◆ Data under study
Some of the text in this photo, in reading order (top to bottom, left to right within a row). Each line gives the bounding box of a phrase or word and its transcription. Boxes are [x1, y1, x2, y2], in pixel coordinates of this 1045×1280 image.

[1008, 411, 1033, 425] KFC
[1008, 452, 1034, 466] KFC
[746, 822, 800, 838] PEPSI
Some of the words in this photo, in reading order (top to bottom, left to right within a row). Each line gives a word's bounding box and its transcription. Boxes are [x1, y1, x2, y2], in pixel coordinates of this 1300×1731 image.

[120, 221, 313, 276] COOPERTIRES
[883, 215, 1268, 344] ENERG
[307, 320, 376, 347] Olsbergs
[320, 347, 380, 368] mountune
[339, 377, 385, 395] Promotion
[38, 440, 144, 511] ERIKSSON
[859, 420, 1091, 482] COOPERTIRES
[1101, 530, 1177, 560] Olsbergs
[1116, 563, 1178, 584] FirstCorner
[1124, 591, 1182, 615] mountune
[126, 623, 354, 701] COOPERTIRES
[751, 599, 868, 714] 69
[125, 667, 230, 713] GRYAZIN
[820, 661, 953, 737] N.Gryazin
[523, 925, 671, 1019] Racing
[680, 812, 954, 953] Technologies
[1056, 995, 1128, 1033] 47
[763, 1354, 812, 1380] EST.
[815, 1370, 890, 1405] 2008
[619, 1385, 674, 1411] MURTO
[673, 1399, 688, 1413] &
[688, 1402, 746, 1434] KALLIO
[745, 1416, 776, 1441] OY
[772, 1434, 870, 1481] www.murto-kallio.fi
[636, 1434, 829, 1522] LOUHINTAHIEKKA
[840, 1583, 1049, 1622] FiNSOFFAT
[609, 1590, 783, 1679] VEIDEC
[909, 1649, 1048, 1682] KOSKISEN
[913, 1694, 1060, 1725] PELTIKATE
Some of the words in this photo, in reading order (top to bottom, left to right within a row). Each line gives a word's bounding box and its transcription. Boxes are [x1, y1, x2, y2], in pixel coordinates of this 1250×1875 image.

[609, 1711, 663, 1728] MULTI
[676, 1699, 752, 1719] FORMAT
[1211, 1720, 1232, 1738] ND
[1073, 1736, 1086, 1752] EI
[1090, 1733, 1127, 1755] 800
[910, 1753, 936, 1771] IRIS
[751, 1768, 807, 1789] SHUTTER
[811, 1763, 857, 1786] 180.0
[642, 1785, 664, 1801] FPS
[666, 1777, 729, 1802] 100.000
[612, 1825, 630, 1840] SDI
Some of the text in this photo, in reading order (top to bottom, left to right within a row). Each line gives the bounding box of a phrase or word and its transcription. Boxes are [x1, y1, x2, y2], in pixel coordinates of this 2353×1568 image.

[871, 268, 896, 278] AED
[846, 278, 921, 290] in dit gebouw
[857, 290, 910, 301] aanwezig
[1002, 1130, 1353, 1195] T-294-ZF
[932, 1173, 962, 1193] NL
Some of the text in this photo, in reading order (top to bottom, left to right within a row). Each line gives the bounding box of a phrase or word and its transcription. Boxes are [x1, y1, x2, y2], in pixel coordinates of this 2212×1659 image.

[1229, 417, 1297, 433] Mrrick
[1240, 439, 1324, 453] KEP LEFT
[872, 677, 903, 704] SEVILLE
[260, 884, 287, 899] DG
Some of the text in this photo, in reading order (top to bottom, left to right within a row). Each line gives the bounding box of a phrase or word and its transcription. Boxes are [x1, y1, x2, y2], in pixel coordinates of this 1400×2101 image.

◆ What is being asked
Output the records in full. Keep every character as it is.

◆ Answer section
Some of the text in this photo, in reading order (top to bottom, left to right within a row). Each line gives the bounding box of a phrase or word and its transcription. Boxes are [x1, y1, x2, y2], in pixel coordinates of this 1045×1280 image.

[1008, 411, 1033, 425] KFC
[1008, 452, 1034, 466] KFC
[746, 822, 800, 838] PEPSI
Some of the words in this photo, in reading order (top to bottom, left to right within a row). Each line gives a word's bounding box and its transcription. Boxes are [x1, y1, x2, y2], in pixel coordinates of this 1300×1731 image.

[120, 221, 313, 276] COOPERTIRES
[883, 215, 1268, 344] ENERG
[307, 320, 376, 347] Olsbergs
[320, 347, 380, 368] mountune
[339, 377, 385, 395] Promotion
[38, 440, 144, 511] ERIKSSON
[859, 420, 1091, 482] COOPERTIRES
[1101, 530, 1177, 560] Olsbergs
[1116, 563, 1178, 584] FirstCorner
[1124, 591, 1182, 615] mountune
[126, 623, 354, 701] COOPERTIRES
[751, 599, 868, 714] 69
[125, 667, 230, 713] GRYAZIN
[820, 661, 953, 737] N.Gryazin
[523, 925, 671, 1019] Racing
[680, 812, 954, 953] Technologies
[1056, 995, 1128, 1033] 47
[763, 1354, 812, 1380] EST.
[815, 1370, 890, 1405] 2008
[619, 1385, 674, 1411] MURTO
[673, 1399, 688, 1413] &
[688, 1402, 746, 1434] KALLIO
[745, 1416, 776, 1441] OY
[772, 1434, 870, 1481] www.murto-kallio.fi
[636, 1434, 829, 1522] LOUHINTAHIEKKA
[840, 1583, 1049, 1622] FiNSOFFAT
[609, 1590, 783, 1679] VEIDEC
[909, 1649, 1048, 1682] KOSKISEN
[913, 1694, 1060, 1725] PELTIKATE
Some of the words in this photo, in reading order (top to bottom, left to right within a row). Each line gives a word's bounding box and its transcription. Boxes are [x1, y1, x2, y2], in pixel coordinates of this 1250×1875 image.

[609, 1711, 663, 1728] MULTI
[676, 1699, 752, 1719] FORMAT
[1211, 1720, 1232, 1738] ND
[1073, 1736, 1086, 1752] EI
[1090, 1733, 1127, 1755] 800
[910, 1753, 936, 1771] IRIS
[751, 1768, 807, 1789] SHUTTER
[811, 1763, 857, 1786] 180.0
[642, 1785, 664, 1801] FPS
[666, 1777, 729, 1802] 100.000
[612, 1825, 630, 1840] SDI
Some of the text in this photo, in reading order (top to bottom, left to right within a row). Each line gives the bounding box of a phrase or word and its transcription. Boxes are [x1, y1, x2, y2], in pixel coordinates of this 2353×1568 image.

[871, 268, 896, 278] AED
[846, 278, 921, 290] in dit gebouw
[857, 290, 910, 301] aanwezig
[1002, 1130, 1353, 1195] T-294-ZF
[932, 1173, 962, 1193] NL
Some of the text in this photo, in reading order (top to bottom, left to right within a row). Each line gives the bounding box of a phrase or word and its transcription. Boxes are [x1, y1, x2, y2], in pixel coordinates of this 2212×1659 image.

[1229, 417, 1297, 433] Mrrick
[1240, 439, 1324, 453] KEP LEFT
[872, 677, 903, 704] SEVILLE
[260, 884, 287, 899] DG
Some of the text in this photo, in reading order (top to bottom, left to right within a row). Each line gives the bounding box of a phrase or word and its transcription. Boxes are [x1, y1, x2, y2], in pixel coordinates of this 1400×2101 image.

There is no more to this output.